_DATA IN THIS EXERCISE_
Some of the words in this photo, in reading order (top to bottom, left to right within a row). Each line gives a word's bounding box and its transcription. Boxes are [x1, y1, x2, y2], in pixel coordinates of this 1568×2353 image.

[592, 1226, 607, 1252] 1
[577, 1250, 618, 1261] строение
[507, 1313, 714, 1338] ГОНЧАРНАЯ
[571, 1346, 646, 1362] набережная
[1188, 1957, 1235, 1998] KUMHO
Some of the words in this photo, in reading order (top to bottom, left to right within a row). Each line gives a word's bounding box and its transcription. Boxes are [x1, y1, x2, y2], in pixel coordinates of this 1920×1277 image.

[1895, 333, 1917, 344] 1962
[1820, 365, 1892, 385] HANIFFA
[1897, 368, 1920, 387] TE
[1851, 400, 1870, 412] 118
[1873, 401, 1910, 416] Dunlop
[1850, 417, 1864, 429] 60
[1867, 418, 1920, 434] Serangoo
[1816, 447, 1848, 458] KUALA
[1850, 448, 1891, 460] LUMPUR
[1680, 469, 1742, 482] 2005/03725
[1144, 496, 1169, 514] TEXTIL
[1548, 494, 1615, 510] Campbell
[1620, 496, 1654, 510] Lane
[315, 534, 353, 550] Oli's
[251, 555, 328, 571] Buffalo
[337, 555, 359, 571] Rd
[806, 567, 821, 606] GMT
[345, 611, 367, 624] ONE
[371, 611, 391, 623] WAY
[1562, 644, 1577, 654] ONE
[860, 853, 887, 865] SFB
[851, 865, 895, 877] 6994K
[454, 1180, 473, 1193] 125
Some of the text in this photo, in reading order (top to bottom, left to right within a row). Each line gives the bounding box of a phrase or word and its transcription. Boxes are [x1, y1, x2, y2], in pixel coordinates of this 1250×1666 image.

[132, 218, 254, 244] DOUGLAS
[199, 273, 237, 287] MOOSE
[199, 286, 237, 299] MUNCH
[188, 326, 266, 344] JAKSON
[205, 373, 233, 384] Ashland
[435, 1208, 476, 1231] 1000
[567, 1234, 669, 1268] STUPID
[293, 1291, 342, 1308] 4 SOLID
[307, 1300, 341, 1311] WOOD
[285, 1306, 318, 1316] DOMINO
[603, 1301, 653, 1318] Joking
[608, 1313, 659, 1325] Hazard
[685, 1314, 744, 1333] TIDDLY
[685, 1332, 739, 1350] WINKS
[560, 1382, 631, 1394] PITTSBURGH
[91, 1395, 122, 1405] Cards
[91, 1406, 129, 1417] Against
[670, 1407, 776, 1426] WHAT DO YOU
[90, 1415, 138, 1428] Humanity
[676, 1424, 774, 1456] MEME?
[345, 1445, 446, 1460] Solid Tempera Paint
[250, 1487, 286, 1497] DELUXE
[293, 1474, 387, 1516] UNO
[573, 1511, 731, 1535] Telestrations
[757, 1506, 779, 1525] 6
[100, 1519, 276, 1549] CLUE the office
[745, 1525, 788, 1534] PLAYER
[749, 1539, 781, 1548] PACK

_YOUR OBJECTIVE_
Could you set down exactly the lines above, from the one containing "Some of the text" through the last, including both and nothing else?

_RESULT OF THE TASK_
Some of the text in this photo, in reading order (top to bottom, left to right within a row). Each line gives the bounding box of a phrase or word and its transcription. Boxes are [x1, y1, x2, y2], in pixel coordinates of this 1250×1666 image.

[132, 218, 254, 244] DOUGLAS
[199, 273, 237, 287] MOOSE
[199, 286, 237, 299] MUNCH
[188, 326, 266, 344] JAKSON
[205, 373, 233, 384] Ashland
[435, 1208, 476, 1231] 1000
[567, 1234, 669, 1268] STUPID
[293, 1291, 342, 1308] 4 SOLID
[307, 1300, 341, 1311] WOOD
[285, 1306, 318, 1316] DOMINO
[603, 1301, 653, 1318] Joking
[608, 1313, 659, 1325] Hazard
[685, 1314, 744, 1333] TIDDLY
[685, 1332, 739, 1350] WINKS
[560, 1382, 631, 1394] PITTSBURGH
[91, 1395, 122, 1405] Cards
[91, 1406, 129, 1417] Against
[670, 1407, 776, 1426] WHAT DO YOU
[90, 1415, 138, 1428] Humanity
[676, 1424, 774, 1456] MEME?
[345, 1445, 446, 1460] Solid Tempera Paint
[250, 1487, 286, 1497] DELUXE
[293, 1474, 387, 1516] UNO
[573, 1511, 731, 1535] Telestrations
[757, 1506, 779, 1525] 6
[100, 1519, 276, 1549] CLUE the office
[745, 1525, 788, 1534] PLAYER
[749, 1539, 781, 1548] PACK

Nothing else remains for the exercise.